# INSTRUCTIONS FOR THE TASK
When you transcribe the data below, reproduce every line exactly and leave each picture out.

(Records excerpted from a collection)
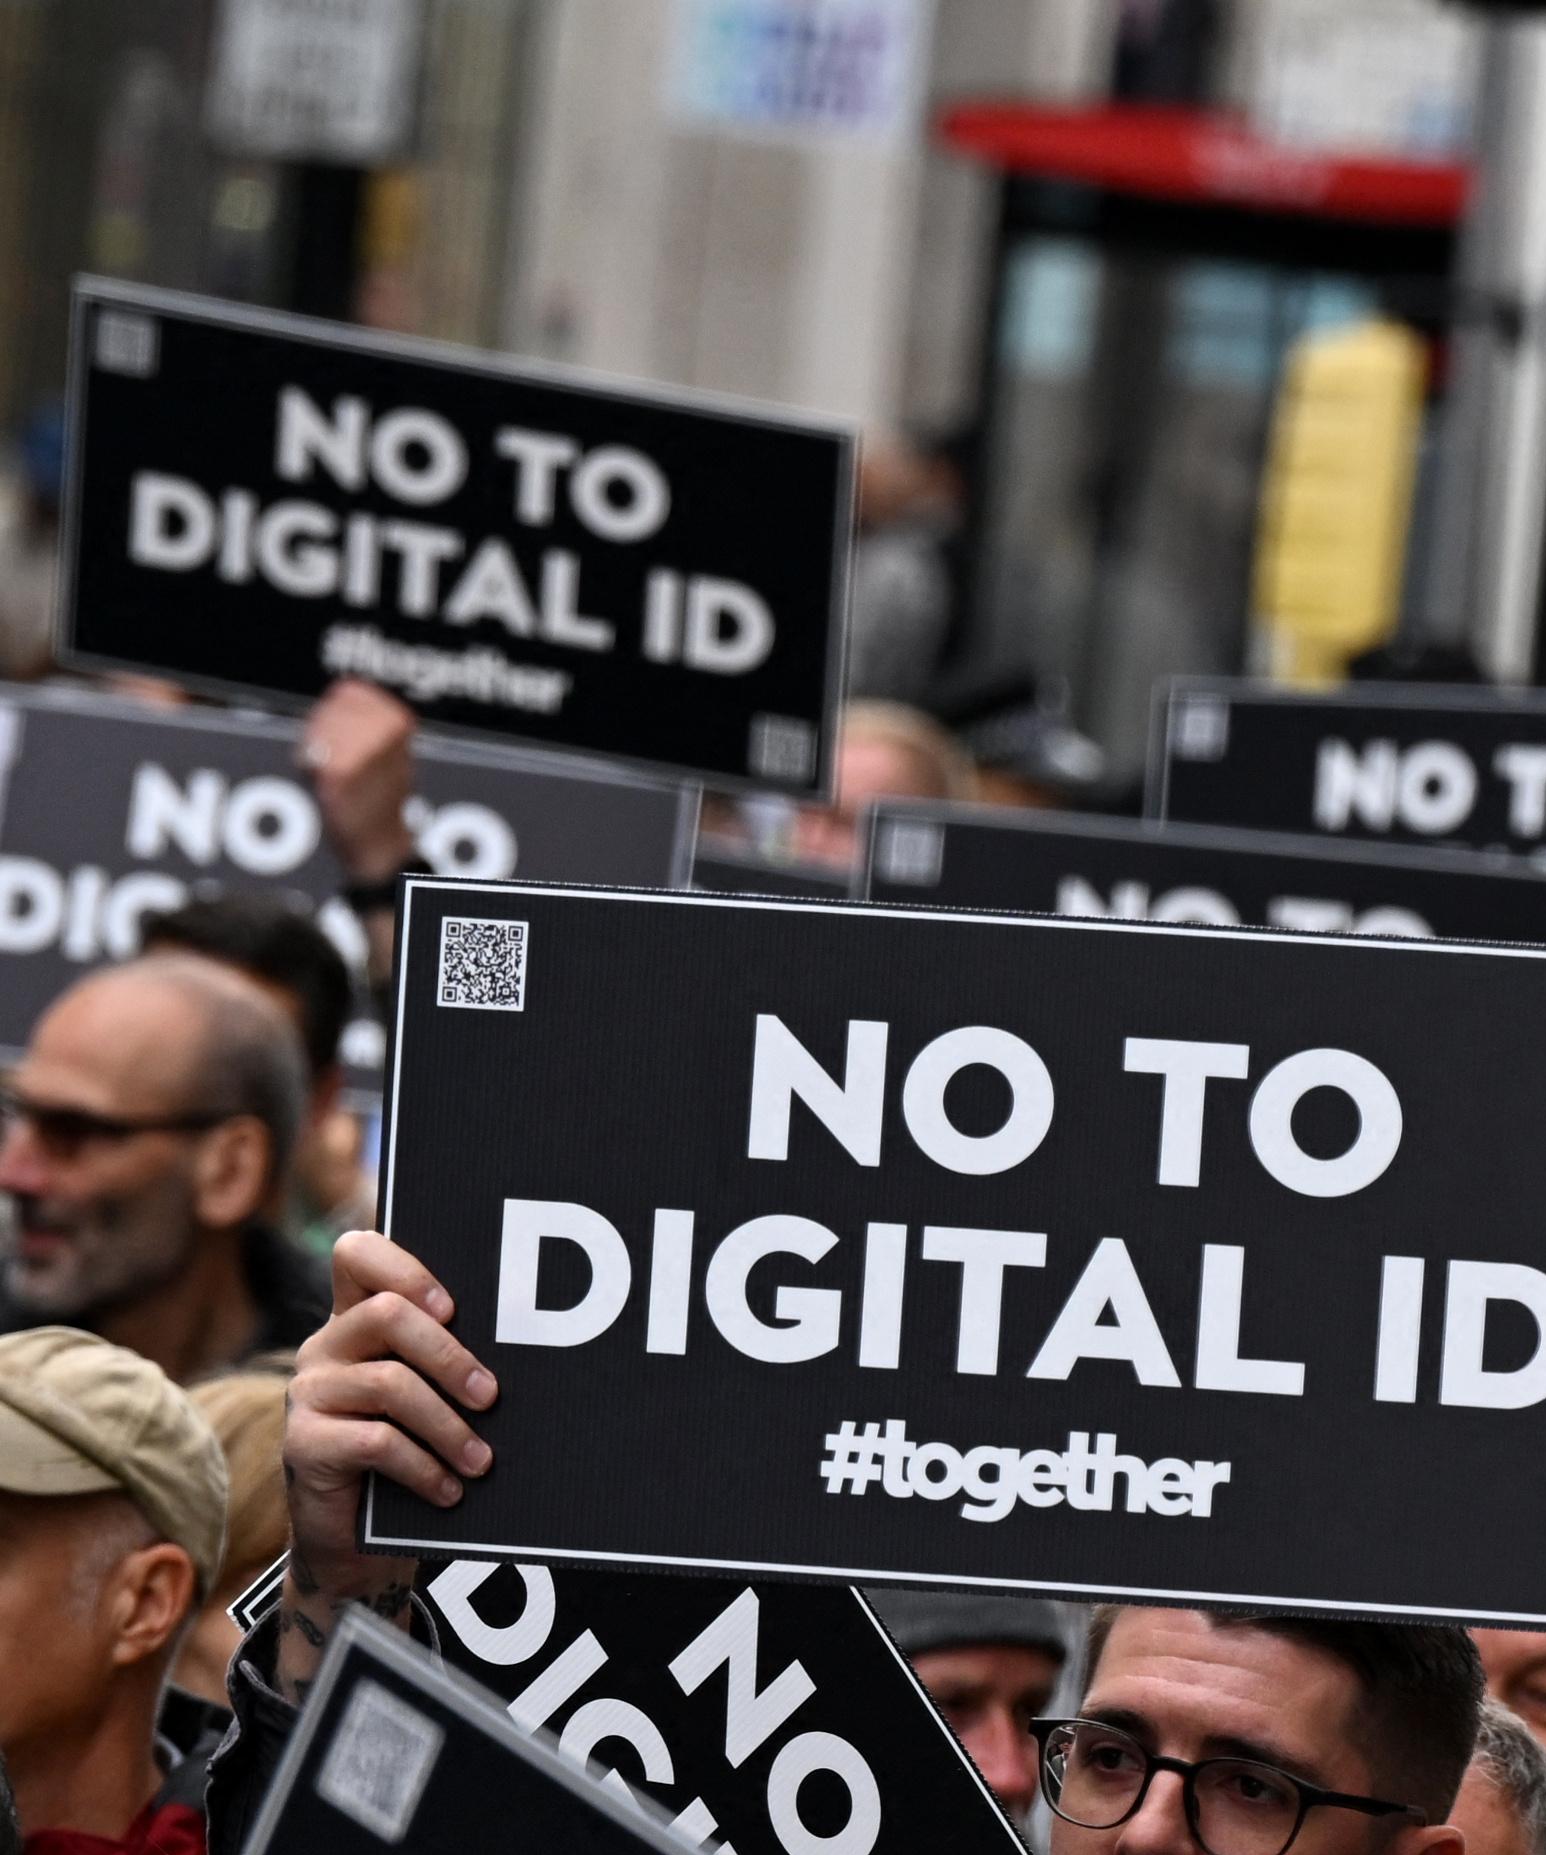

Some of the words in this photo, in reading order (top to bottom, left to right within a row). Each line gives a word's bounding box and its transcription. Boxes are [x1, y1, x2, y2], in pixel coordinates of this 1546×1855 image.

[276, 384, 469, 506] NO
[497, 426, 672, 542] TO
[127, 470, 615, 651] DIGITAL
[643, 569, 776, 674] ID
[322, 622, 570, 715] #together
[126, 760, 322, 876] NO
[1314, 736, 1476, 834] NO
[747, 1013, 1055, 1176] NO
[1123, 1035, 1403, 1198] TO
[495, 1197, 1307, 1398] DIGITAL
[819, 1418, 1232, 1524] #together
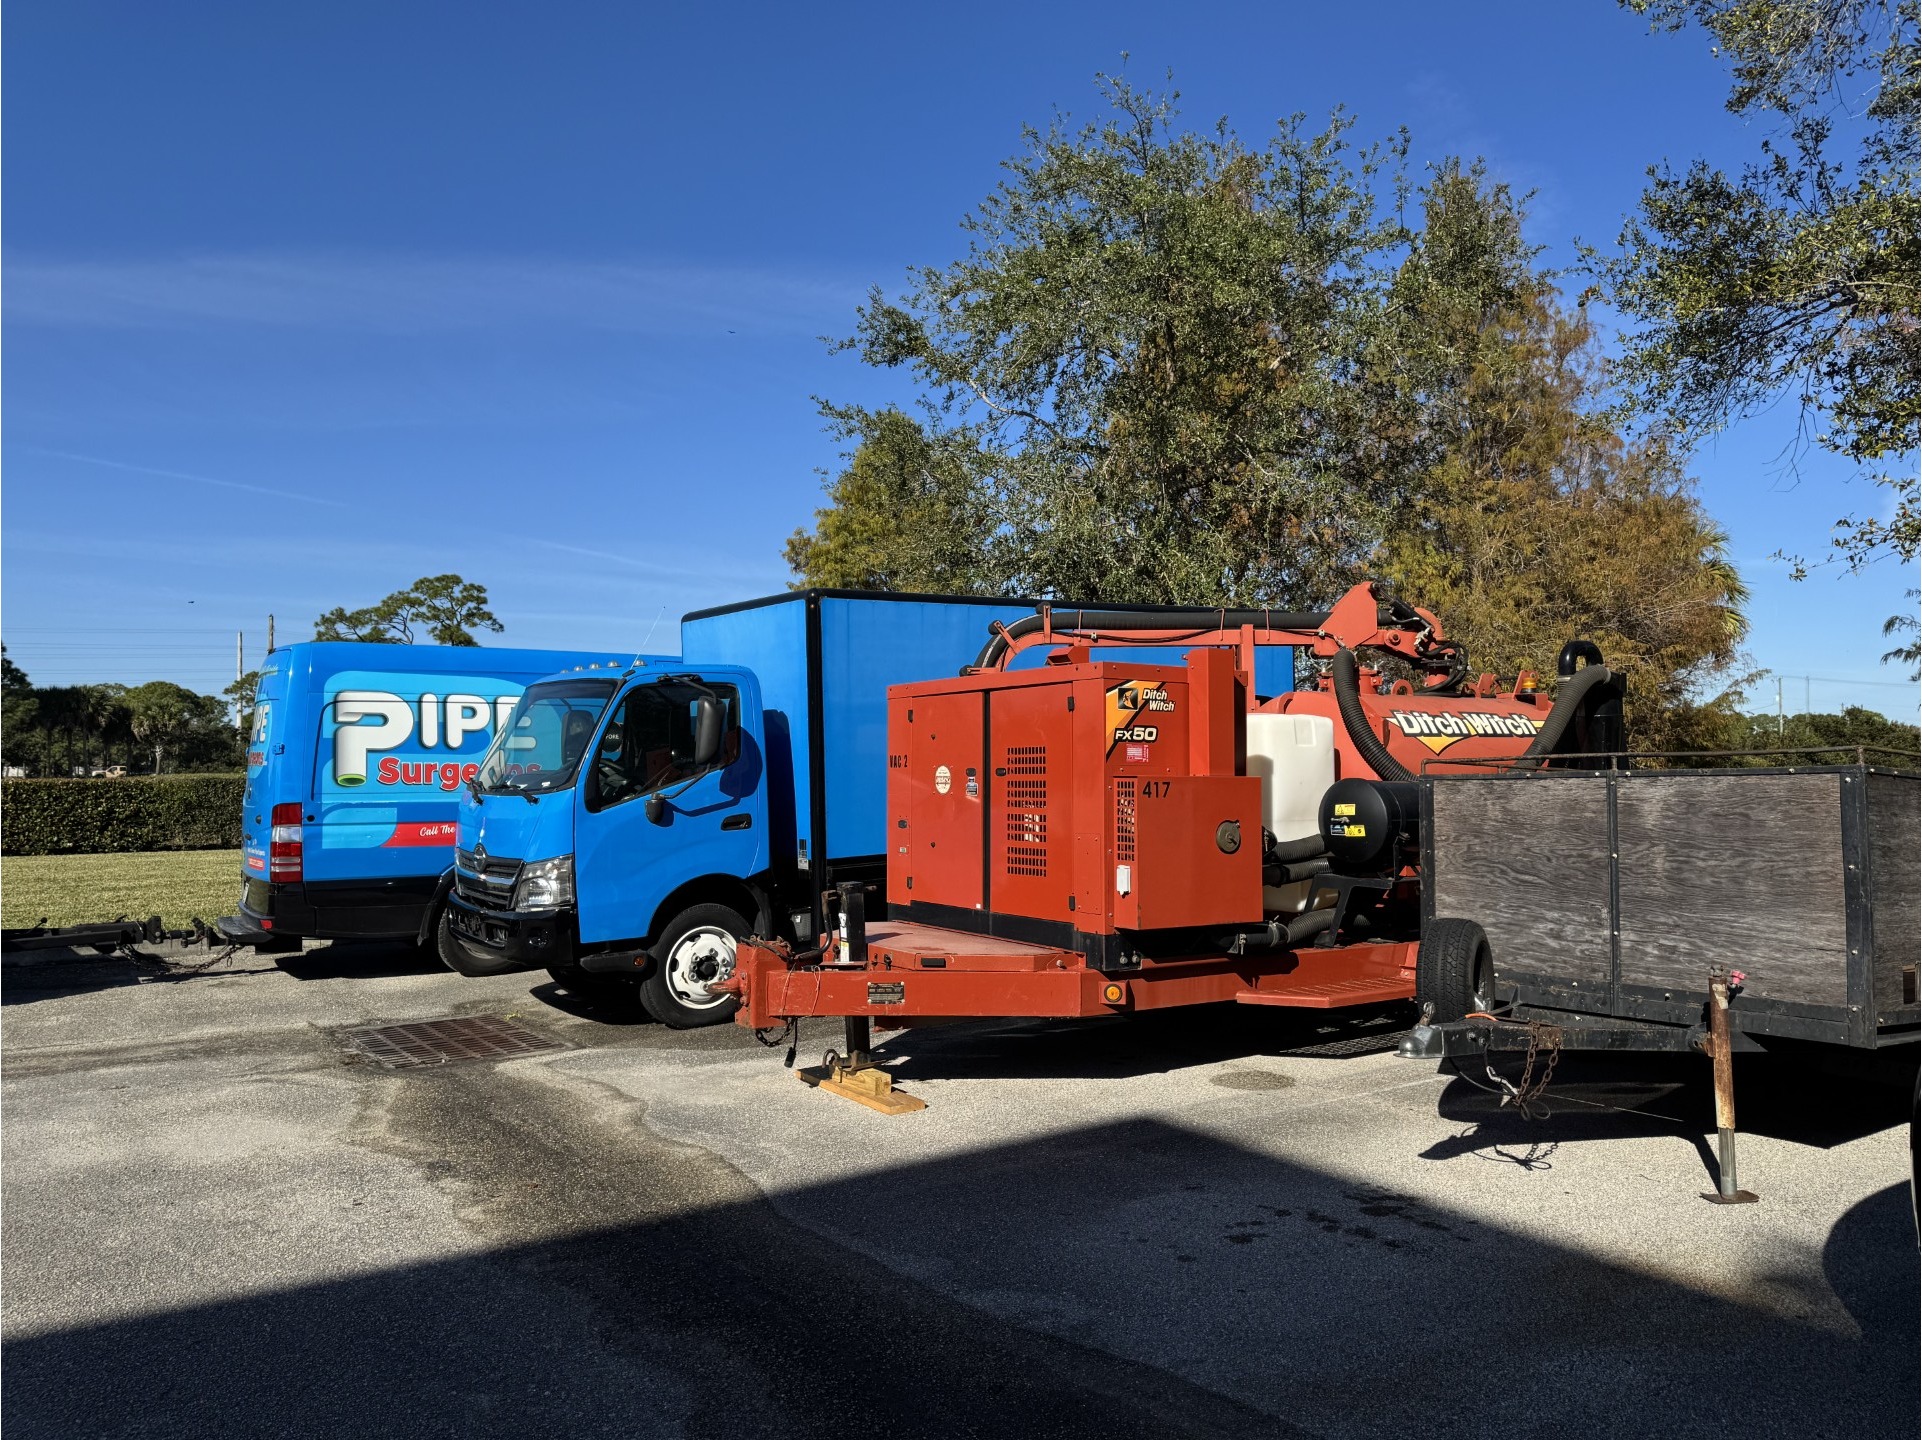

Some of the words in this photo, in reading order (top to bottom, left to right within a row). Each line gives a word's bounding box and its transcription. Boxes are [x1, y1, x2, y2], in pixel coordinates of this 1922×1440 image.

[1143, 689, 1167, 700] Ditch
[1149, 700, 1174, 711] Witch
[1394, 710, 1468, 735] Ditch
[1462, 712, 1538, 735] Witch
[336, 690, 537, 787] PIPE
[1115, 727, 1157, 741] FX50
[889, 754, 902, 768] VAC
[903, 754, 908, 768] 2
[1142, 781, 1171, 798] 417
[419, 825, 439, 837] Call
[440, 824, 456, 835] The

# OUTPUT FOR THIS EXERCISE
Some of the words in this photo, in reading order (top to bottom, left to right within a row). Each line gives a word's bounding box and its transcription. Boxes are [x1, y1, x2, y2], in pixel coordinates of this 1546×1855 image.

[276, 384, 469, 506] NO
[497, 426, 672, 542] TO
[127, 470, 615, 651] DIGITAL
[643, 569, 776, 674] ID
[322, 622, 570, 715] #together
[126, 760, 322, 876] NO
[1314, 736, 1476, 834] NO
[747, 1013, 1055, 1176] NO
[1123, 1035, 1403, 1198] TO
[495, 1197, 1307, 1398] DIGITAL
[819, 1418, 1232, 1524] #together

Some of the words in this photo, in reading order (top to bottom, left to right within a row). Each line gives a word's bounding box and its transcription. Boxes are [x1, y1, x2, y2], in pixel coordinates of this 1922×1440 image.

[1143, 689, 1167, 700] Ditch
[1149, 700, 1174, 711] Witch
[1394, 710, 1468, 735] Ditch
[1462, 712, 1538, 735] Witch
[336, 690, 537, 787] PIPE
[1115, 727, 1157, 741] FX50
[889, 754, 902, 768] VAC
[903, 754, 908, 768] 2
[1142, 781, 1171, 798] 417
[419, 825, 439, 837] Call
[440, 824, 456, 835] The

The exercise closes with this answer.